One of the things that automakers generally don’t like to divulge is how much money they spend on developing a vehicle. For one thing, that can be competitive advantage—assuming that they’ve been able to pull something off for a comparatively low price. And if they spent too much, then their competitors will feel all the better, and who wants to give them that advantage.
500-billion KRW. That’s what Hyundai has announced it has invested in the development of the second-generation Genesis.
The conversion is approximately $455-million.
Which is, on the one hand, nothing to sniff at. And on the other, probably a good investment because when it comes to vehicle engineering, if past is prologue, Hyundai is nothing but relentless.

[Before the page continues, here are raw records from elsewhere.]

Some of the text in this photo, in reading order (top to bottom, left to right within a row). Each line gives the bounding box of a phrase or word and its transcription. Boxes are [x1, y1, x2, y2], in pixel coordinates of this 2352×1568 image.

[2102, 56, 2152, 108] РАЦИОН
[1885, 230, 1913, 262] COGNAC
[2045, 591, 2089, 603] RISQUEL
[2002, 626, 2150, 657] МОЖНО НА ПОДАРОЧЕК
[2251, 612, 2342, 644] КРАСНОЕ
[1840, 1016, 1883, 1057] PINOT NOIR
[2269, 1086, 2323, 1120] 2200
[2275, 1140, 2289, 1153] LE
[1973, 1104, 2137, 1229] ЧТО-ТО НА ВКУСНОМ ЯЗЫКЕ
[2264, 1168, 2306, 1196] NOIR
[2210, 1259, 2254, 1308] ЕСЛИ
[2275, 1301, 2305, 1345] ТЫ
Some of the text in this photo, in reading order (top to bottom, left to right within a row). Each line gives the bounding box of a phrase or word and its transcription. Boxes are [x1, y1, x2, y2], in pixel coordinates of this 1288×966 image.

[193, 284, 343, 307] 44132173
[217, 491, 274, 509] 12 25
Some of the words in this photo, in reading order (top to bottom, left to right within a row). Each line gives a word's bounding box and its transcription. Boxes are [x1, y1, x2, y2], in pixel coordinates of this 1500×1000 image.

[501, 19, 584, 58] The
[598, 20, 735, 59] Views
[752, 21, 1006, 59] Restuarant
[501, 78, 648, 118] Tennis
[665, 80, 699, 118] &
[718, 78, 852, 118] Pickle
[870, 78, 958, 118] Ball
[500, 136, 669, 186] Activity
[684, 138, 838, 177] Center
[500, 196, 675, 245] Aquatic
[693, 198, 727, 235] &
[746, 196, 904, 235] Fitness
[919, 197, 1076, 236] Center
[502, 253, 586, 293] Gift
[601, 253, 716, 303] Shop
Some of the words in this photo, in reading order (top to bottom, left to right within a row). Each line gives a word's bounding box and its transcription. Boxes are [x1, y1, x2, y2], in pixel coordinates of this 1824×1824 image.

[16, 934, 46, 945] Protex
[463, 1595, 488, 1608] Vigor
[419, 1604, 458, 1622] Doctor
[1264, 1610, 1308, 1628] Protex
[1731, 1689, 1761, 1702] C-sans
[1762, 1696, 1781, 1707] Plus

And know that the engineering for the vehicle, which will launch is Korea later this year and in other markets, including the U.S., next, took four years.
Moon Sik Kwon, head of Hyundai Motor Group’s R&D Center, said, “The evolved all-new Genesis is the product of Hyundai’s best resources and capabilities and we strongly believe it will be a game-changer in the market.”
The rear-drive sedan features a new take on Hyundai’s Fluidic Sculpture design language. It is known as “Fluidic Sculpture 2.0.” From what can be seen from the not-great image, there is a nice gestural sweep to the car, with not a lot of the deep 3D creasing that is part of Fluidic Sculpture 1.0.
Hyundai, which owns a steel company, has been using massive amounts of high- and ultra-high-strength steels in its vehicles in order to provide strength and stiffness without excessive mass. The current generation Genesis has 74% high-tensile steel. The new Genesis is said to be the recipient of even more ultra-high-strength steels to help increase torsional and bending stiffness.
The premium rear-drive car is going to be offered with the Hyundai HTRAC all-wheel-drive system, which electronically controls torque split between the front and rear axles.